Non–Clear Cell Renal Cell Carcinoma, Part 1: Histology

Loana B. Valenca, MD, Michelle S. Hirsch, MD, PhD, Toni K. Choueiri, MD, Lauren C. Harshman, MD

Clinical Advances in Hematology & Oncology

May 2015, Volume 13, Issue 5



Loana B. Valenca, MD, Michelle S. Hirsch, MD, PhD, Toni K. Choueiri, MD, and Lauren C. Harshman, MD

The authors are affiliated with the Dana-Farber Cancer Institute, Brigham and Women’s Hospital, and Harvard Medical School in Boston, Massachusetts. Dr Valenca is a visiting physician, Dr Hirsch is an associate professor and chief of the Uropathology Division in the Department of Pathology at Brigham and Women’s Hospital, Dr Choueiri is an associate professor and the clinical director of the Lank Center for Genitourinary Oncology at Dana-Farber Cancer Institute, and Dr Harshman is an assistant professor at the Lank Center for Genitourinary Oncology at the Dana-Farber Cancer Institute.


Corresponding author: Lauren C. Harshman, MD, Lank Center for Genitourinary Oncology, Dana-Farber Cancer Institute, Boston, MA 02215, Tel: 617-632-4524, Fax: 617-632-2165, E-mail:


Abstract: Non–clear cell renal cell carcinomas (RCCs) represent up to 20% of all RCCs. Despite often being clustered as a single entity, these tumors represent a heterogeneous group of diseases with distinct molecular drivers, histologies, and clinical outcomes. Their low incidence and heterogeneity have resulted in a lack of studies that address the optimal strategies for each subtype. This article (the first in a 2-part series) reviews the histology of RCC, whereas the second article reviews current targeted therapies approved for RCC, such as the vascular endothelial growth factor receptor tyrosine kinase inhibitors and the mammalian target of rapamycin inhibitors. Ongoing studies will provide more information regarding the role of these agents in non–clear cell RCC.



Renal cell carcinoma (RCC) is the most common malignancy of the kidney, accounting for approximately 85% of cases.1,2 The 2004 World Health Organization (WHO) classification identifies various subtypes of RCC, including clear cell (>75%), papillary (~15%), chromophobe (5%), collecting duct (1%), medullary (<1%), postneuroblastoma (<1%), mucinous tubular and spindle cell (~2%), Xp11.2 translocation (~2%), and unclassified (5%-10%).
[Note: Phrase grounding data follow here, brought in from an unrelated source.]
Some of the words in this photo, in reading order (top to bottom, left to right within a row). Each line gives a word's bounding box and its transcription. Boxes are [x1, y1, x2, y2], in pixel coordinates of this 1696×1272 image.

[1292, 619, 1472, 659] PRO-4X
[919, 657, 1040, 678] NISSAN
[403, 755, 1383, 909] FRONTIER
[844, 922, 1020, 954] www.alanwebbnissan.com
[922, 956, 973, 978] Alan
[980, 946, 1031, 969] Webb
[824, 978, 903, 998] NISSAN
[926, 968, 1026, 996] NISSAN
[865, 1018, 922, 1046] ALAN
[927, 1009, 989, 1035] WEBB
Additional histologic subtypes not currently included in the 2004 WHO classification include: tubulocystic carcinoma, clear cell tubulopapillary carcinoma (also referred to as clear cell papillary RCC), RCC associated with end-stage renal disease (acquired cystic disease–associated RCC), thyroid-like follicular RCC, -succinate–dehydrogenase deficient RCC, and tumors associated with the familial syndrome of hereditary leiomyomatosis and renal cell carcinoma (HLRCC).1,3 Despite their quite variable pathogenetic mechanisms, histologic appearances, clinical courses, and outcomes, these different RCC subtypes are often collectively identified in current clinical practice as one group, so-called “non–clear cell RCC.” This generic grouping springs from low case numbers and the lack of effective treatment options for these histologic variants compared with the more prevalent clear cell subtype.
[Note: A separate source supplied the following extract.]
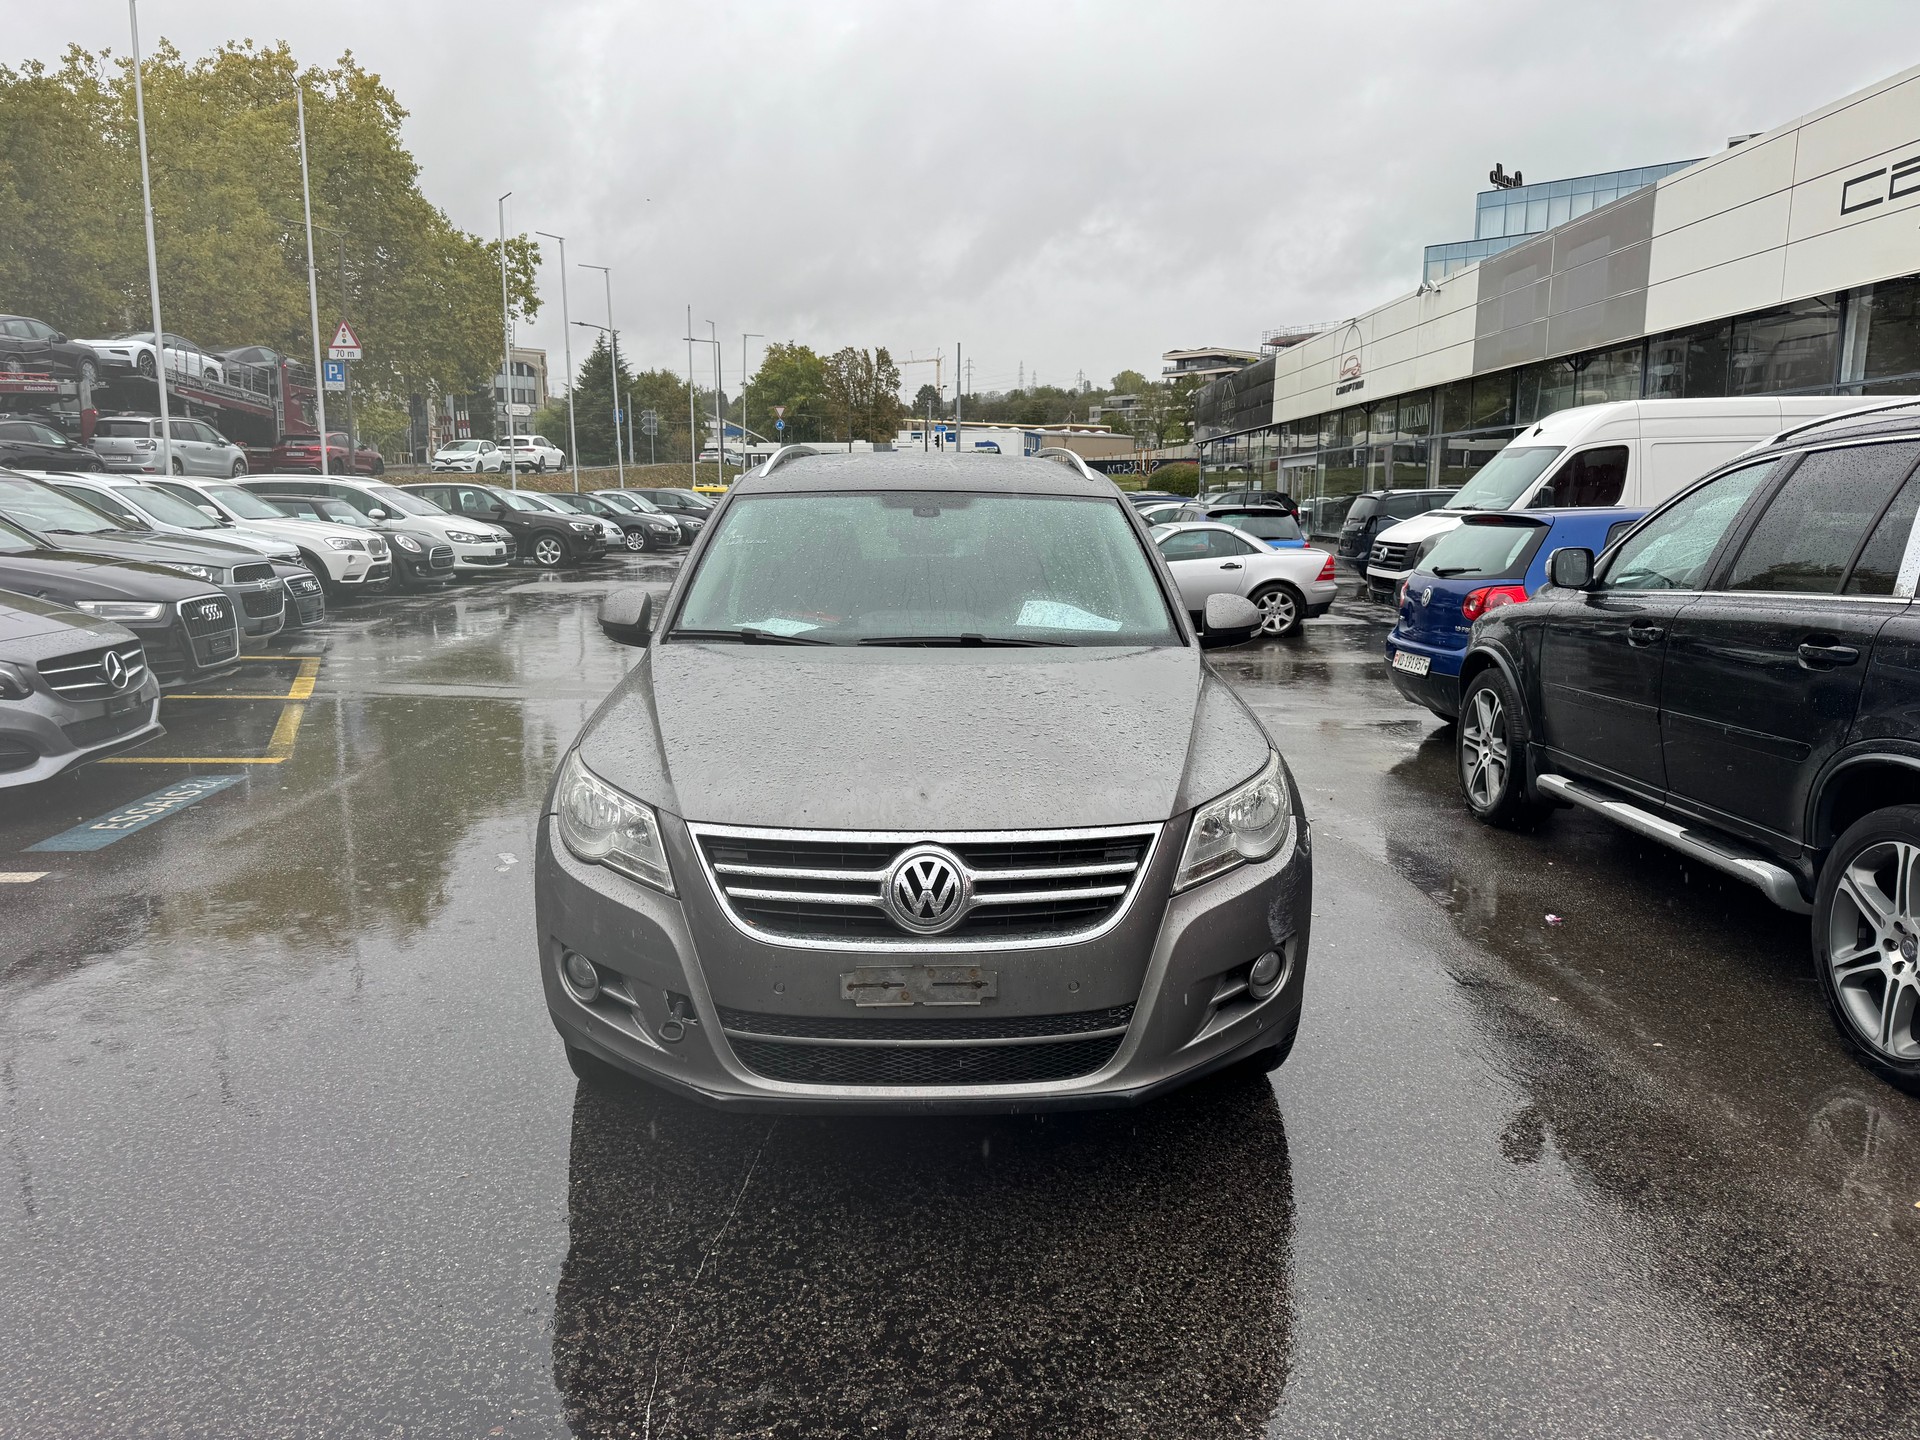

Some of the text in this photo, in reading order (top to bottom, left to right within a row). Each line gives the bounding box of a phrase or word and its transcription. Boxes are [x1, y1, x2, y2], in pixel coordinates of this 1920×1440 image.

[336, 349, 345, 358] 70
[328, 364, 338, 379] P
[89, 790, 203, 830] ESSAIS
This article, which is the first in a 2-part series, reviews the -histologic, genetic, and clinical differences among non–clear cell RCC subtypes (see the figure and the table). The second article reviews the current approach to the treatment of these tumors.



Papillary RCC

Papillary RCC is the second most common subtype of RCC and makes up approximately 10% to 15% of cases.1,2 Papillary architecture constitutes the great majority of these tumors; however, tubular and solid growth patterns can be seen. The tumor papillae contain a delicate fibrovascular core, which can be accompanied by edema or hyalinized connective tissue.2

Papillary carcinomas are often subdivided into 2 subtypes based upon histologic criteria and distinctive gene expression profiles (see below). Type 1 tumors tend to be low-grade and have a better prognosis, whereas type 2 lesions are generally high-grade and impart a poorer prognosis.4,5 Distinguishing between these 2 so-called histologic types can be difficult because some tumors contain a mixture of both morphologic patterns.
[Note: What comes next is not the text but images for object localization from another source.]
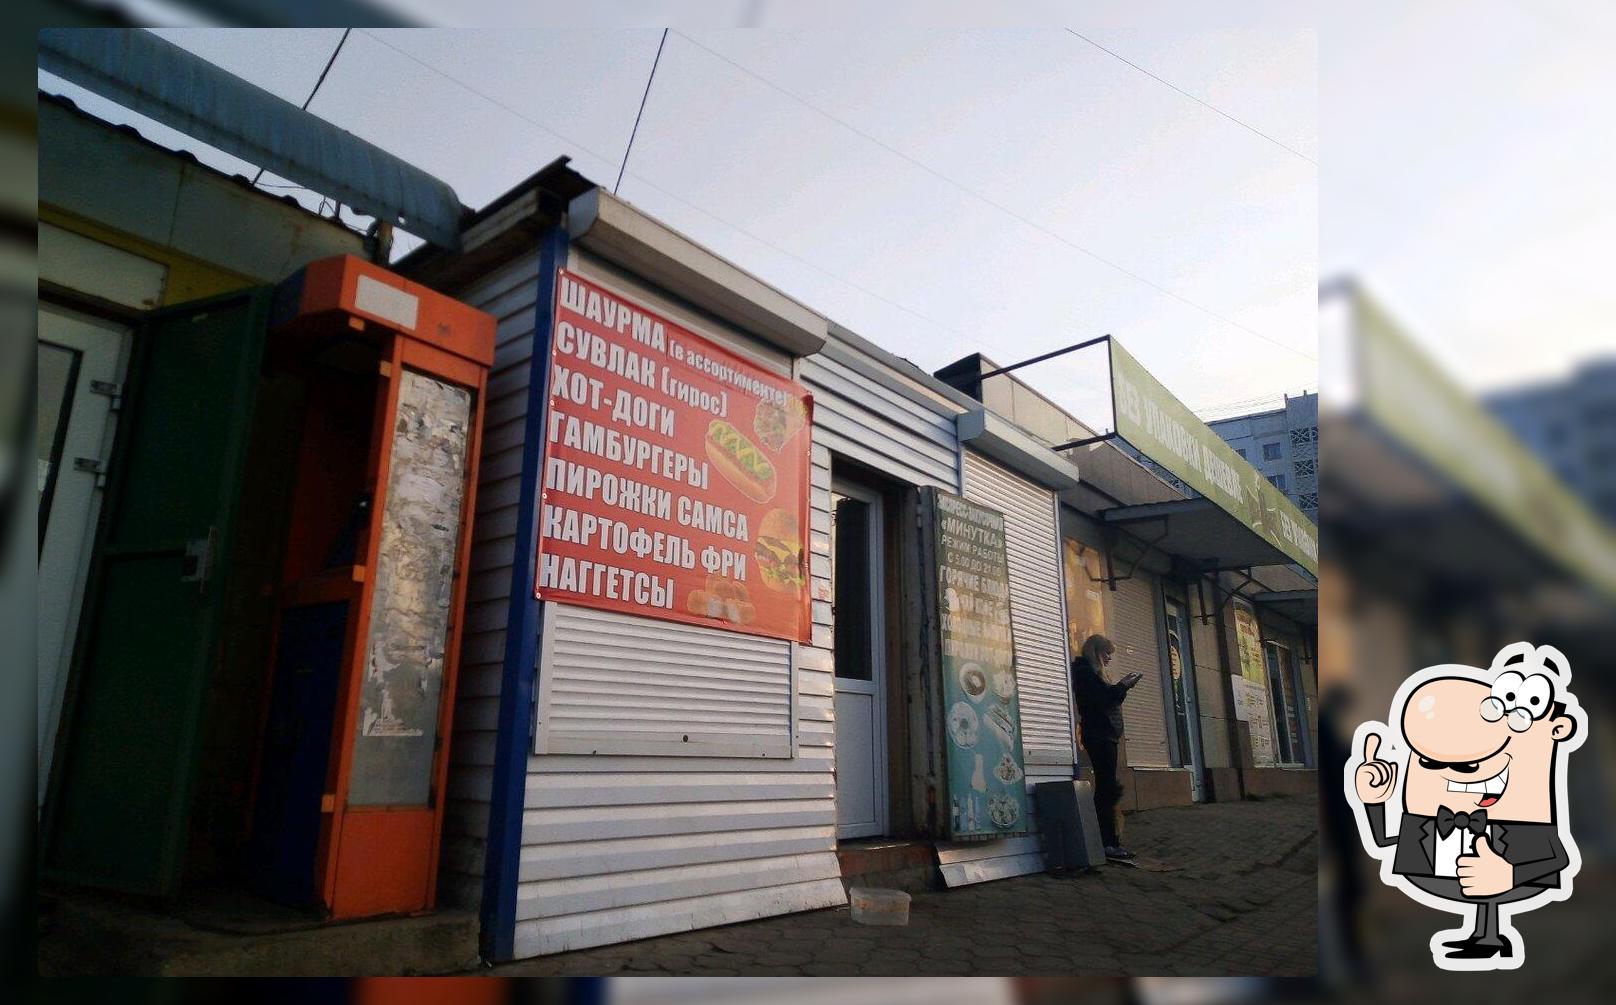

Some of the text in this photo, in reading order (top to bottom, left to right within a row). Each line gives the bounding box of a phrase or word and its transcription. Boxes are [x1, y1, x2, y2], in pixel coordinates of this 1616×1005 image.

[559, 276, 665, 353] ШАУРМА
[669, 340, 684, 361] (в
[551, 364, 675, 438] ХОТ-ДОГИ
[556, 321, 729, 418] СУВЛАК (гирос)
[550, 410, 708, 490] ГАМБУРГЕРЫ
[546, 456, 749, 542] ПИРОЖКИ САМСА
[539, 552, 675, 609] НАГГЕТСЫ
[542, 503, 747, 581] КАРТОФЕЛЬ ФРИ
Genetically, both types are characterized by extra copies of chromosomes 7, 12, 16, 17, and 20.6 When present, these genetic features support the diagnosis of papillary renal carcinoma, even when papillary characteristics are not dominant. Conversely, neoplasms lacking these genetic features should not be designated as papillary renal carcinoma even when papillary architecture is prominent because the latter morphology can be present in other subtypes, such as Xp11.2 RCCs and clear cell tubulopapillary carcinomas.1,2

Mucinous tubular and spindle cell carcinomas (MTSCCs) also can be confused with papillary RCC, -especially when the latter has a prominent tubular architecture. In classic cases, MTSCC has several distinctive features: a prominent tubular architecture, a component of low-grade spindle cell formation, and a myxoid matrix.1 These features can also be present in a small subset of papillary RCC.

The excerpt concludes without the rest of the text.